To ask Her Majesty’s Government whether they have plans to undertake an urgent review into the financial sustainability of high street trade in England and Wales in the light of the growth of online retail and the increase in overhead costs for shops trading on the high street.
My Lords, there is no plan to undertake a review in England. In Wales this is a matter for the Welsh Assembly. The Government have taken action. Our high streets will benefit from the £6 billion business rates support package announced by the Chancellor at the Budget. We have also given more than £18 million to fund successful initiatives such as Love Your Local Market and the Great British High Street competition, and announced a digital pilot programme.
I recognise the work that Her Majesty’s Government have done to help retailers. Nevertheless, in essence it amounts to a modest amount of tinkering. Is my noble friend aware that 36 major chains have gone bankrupt, thousands of other retailers have stopped trading and retailers are faced with ever-increasing overheads, declining footfall and increasing competition from online? Against that background, will Her Majesty’s Government review the statement that the Minister has just made and recognise that we need a fairer tax covering both retailers and online trading, and that possibly that means a turnover tax rather than a property tax?
I thank my noble friend for recognising what the Government have done. He talked about various chains going bankrupt and the declining footfall on our high streets. In fact, footfall is now increasing and some high streets have responded very well to the changing patterns of the high street. The ones that have responded well are seeing very good results; for example, in my own town of Altrincham the market has almost completely revitalised the town centre.
I have outlined the Government’s response to the suggestion, which is that high streets have found numerous ways of responding to the different patterns on our high street. Many chains on the high street are in fact benefiting from things like click and collect.
My Lords, does the Minister agree with me that local councils have done a great deal to help to revive local high streets, which are the centres of communities and particularly important to poorer communities? Have the Government considered giving local authorities, particularly the combined authorities, more powers in revaluing and setting the business rate, as suggested by the London Finance Commission and the City Growth Commission?

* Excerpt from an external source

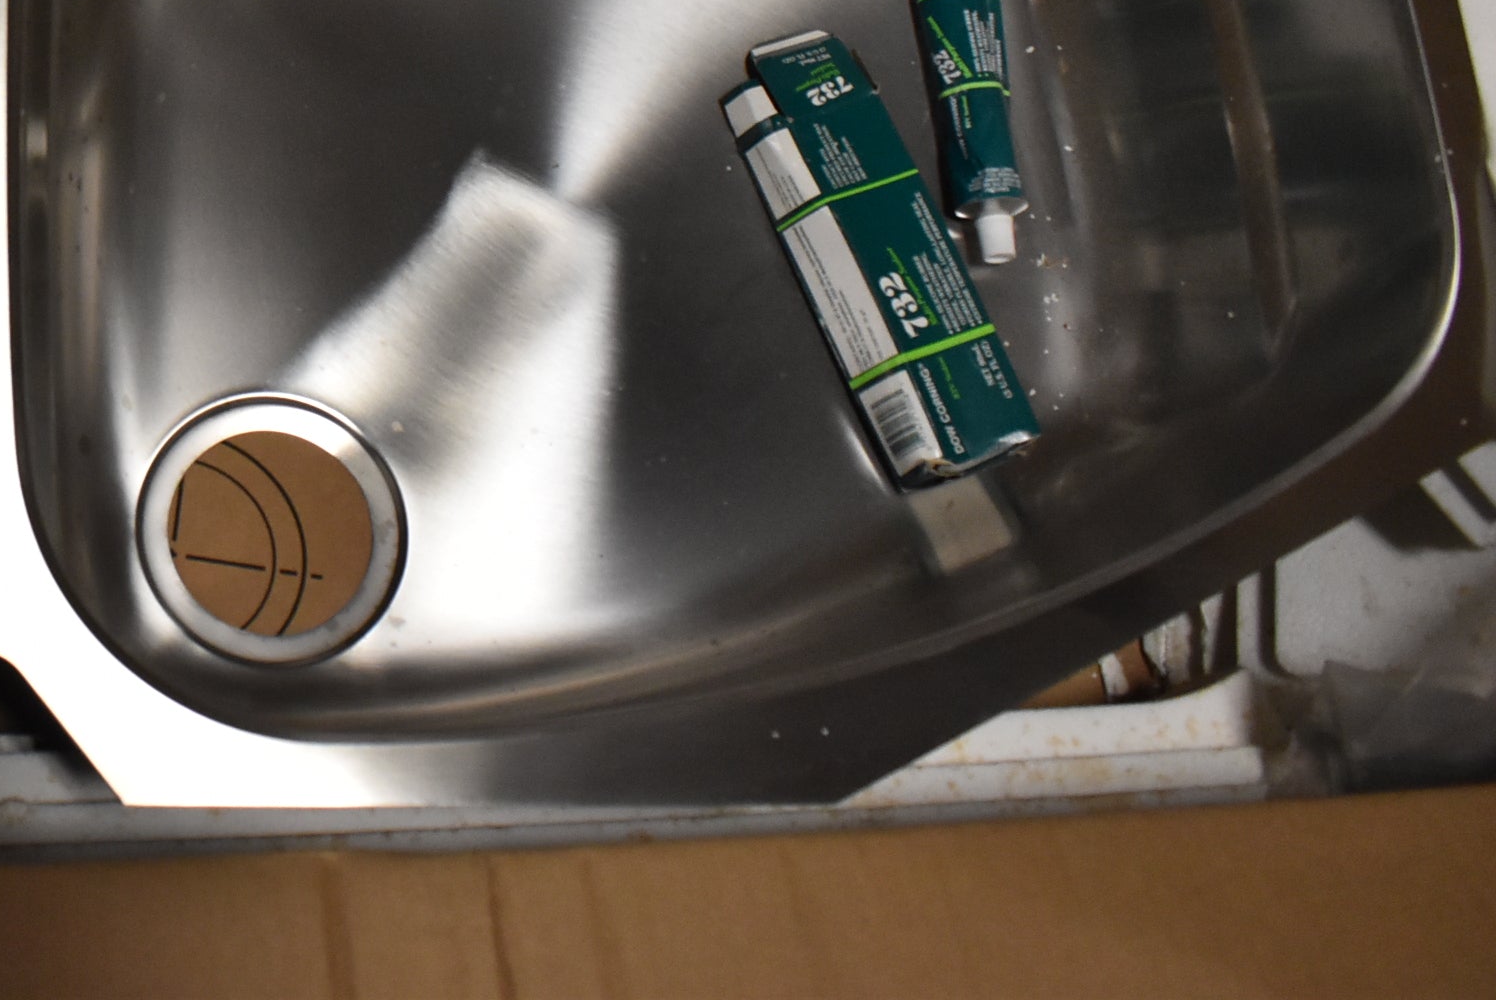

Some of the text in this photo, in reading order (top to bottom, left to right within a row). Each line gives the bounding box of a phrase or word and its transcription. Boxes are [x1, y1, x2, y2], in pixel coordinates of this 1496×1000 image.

[806, 75, 854, 106] 732
[933, 49, 962, 84] 732
[875, 265, 933, 341] 732
[917, 366, 966, 455] DOW CORNING

First, as the noble Baroness will know, local councils will be able to retain 100% of their business rates by 2020. Combined authorities that also have mayors will have the facility to raise or reduce business rates in their combined authority area. I totally concur with the noble Baroness, because I can think of two local authorities in Greater Manchester where the councils have been absolutely at the forefront of that revitalisation of their local high streets.

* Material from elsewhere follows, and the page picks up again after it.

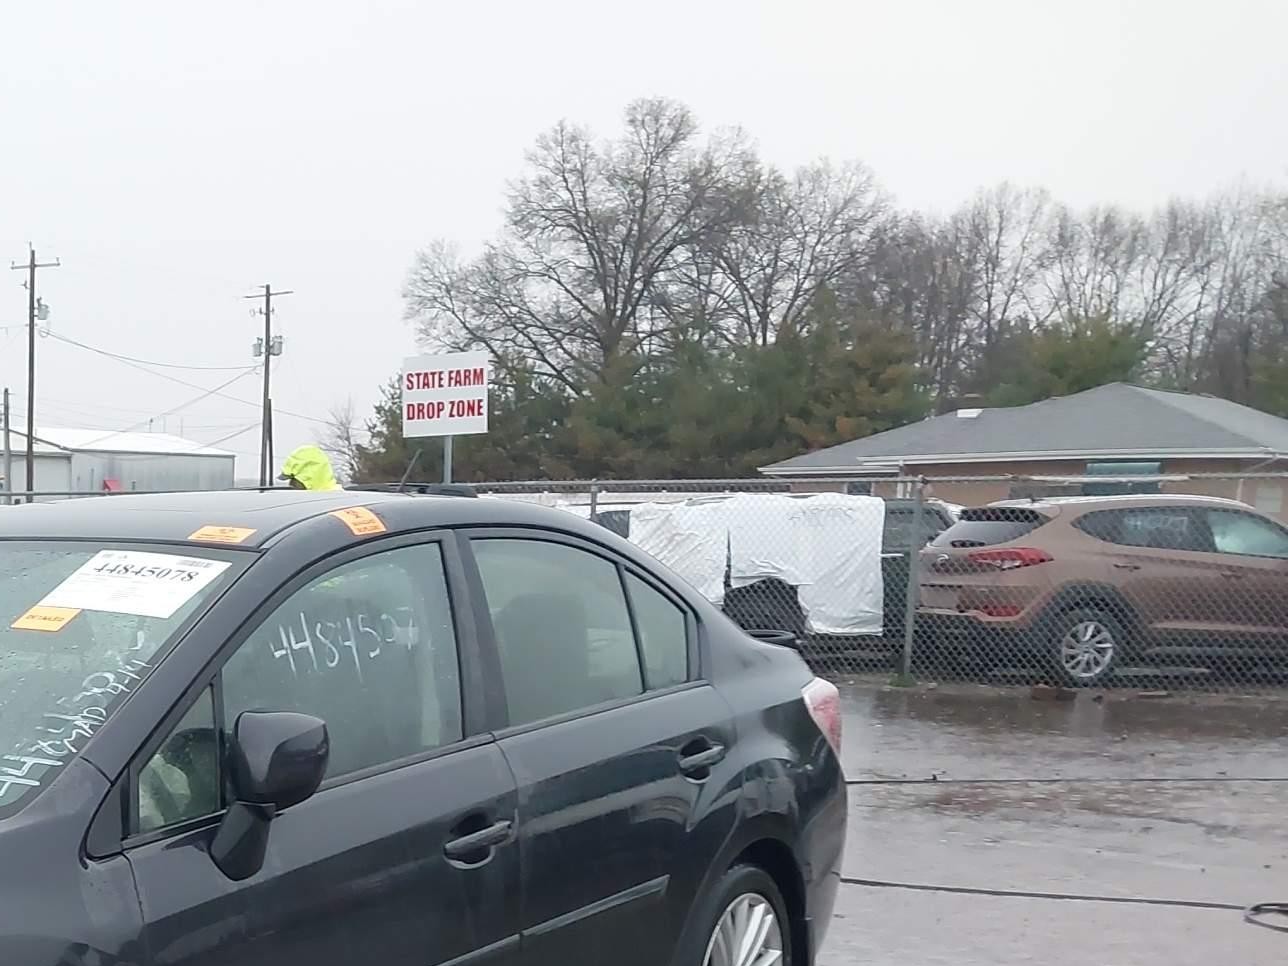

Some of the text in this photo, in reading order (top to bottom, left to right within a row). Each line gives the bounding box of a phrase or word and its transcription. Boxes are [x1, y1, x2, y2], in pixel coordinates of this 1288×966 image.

[406, 367, 484, 390] STATE FARM
[406, 398, 484, 421] DROP ZONE
[93, 562, 199, 582] 44845078

The noble Lord makes a good point. One of the things that councils observe is that we need more shoppers in our local high streets and not more shops, hence the expansion into some of the excellent food offers in markets now and some of the conversions from office to residential that help to revitalise the footfall in local high streets, particularly in the north of England where I am.
My Lords, I have been a non-executive director of Booker, the FTSE 250 company, for eight and a half years. When I started our internet sales were £50 million. Today, out of a turnover of £5 billion, they are £1 billion. Surely the answer is to help the high street to take advantage of the internet age. What are the Government doing to help retailers to take advantage of the internet, whether on payments, winning customers or dealing with their suppliers and the supply chain?

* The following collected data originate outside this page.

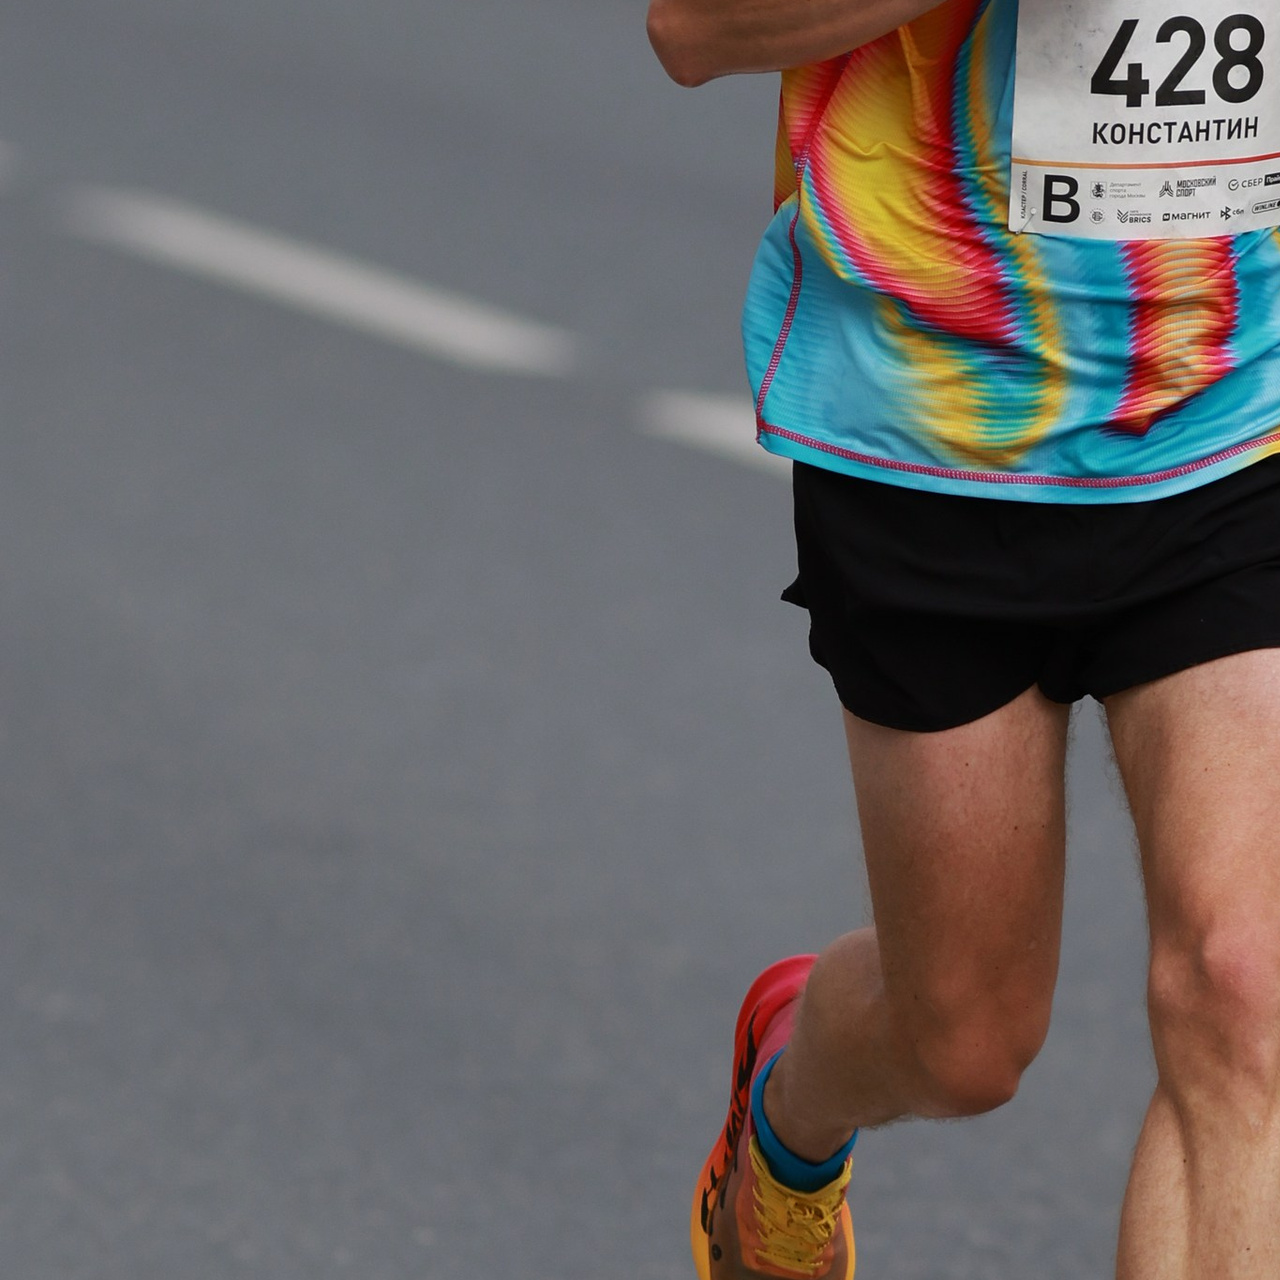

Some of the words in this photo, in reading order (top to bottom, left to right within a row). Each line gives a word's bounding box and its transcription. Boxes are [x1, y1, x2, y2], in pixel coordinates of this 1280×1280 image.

[1090, 13, 1266, 108] 428
[1092, 116, 1259, 145] КОНСТАНТИН
[1176, 176, 1216, 189] МОСКОВСКИЙ
[1241, 177, 1263, 188] СБЕР
[1176, 188, 1196, 198] СПОРТ

The noble Lord is absolutely right that the digital age has in many cases been to the high street’s advantage. I have mentioned click and collect. Our local high street businesses have to compete in the digital era and we have recently announced a digital pilot programme across Gloucestershire working with partners in the private sector including Argos, IBM and Cisco. This work was developed in close collaboration with the BIS retail unit.
Does my noble friend think that there is any connection between the lack of customers in the high street and the tyrannical and punitive parking arrangements that are imposed in our streets that make it impossible to go to the high street and spend money?
My noble friend is absolutely right. The Government have recognised that some of the punitive practices on our high streets have prevented or discouraged people from going shopping on their local high streets and we have done something about it.
Is it not true that online trading is going to grow notwithstanding what might happen in the high streets? Is it not also true that while online trading is welcomed by many people, there are also drawbacks, not the least of these being growth in traffic—white vans are everywhere now—that is creating congestion and poisonous air in the communities? What are the Government going to do to restrain it or at least to make drivers pay for the pollution that they are creating.
My Lords, whether it is the car going with its owner to the shop or the van from the distribution centre going to the home, I am afraid shopping does, in one way or another, create carbon in our atmosphere. The noble Lord is right that online shopping is increasing vastly. The high streets that acknowledge that, and are responding to it and creating different offers, for example leisure opportunities and markets on the high streets, are the ones that are doing well.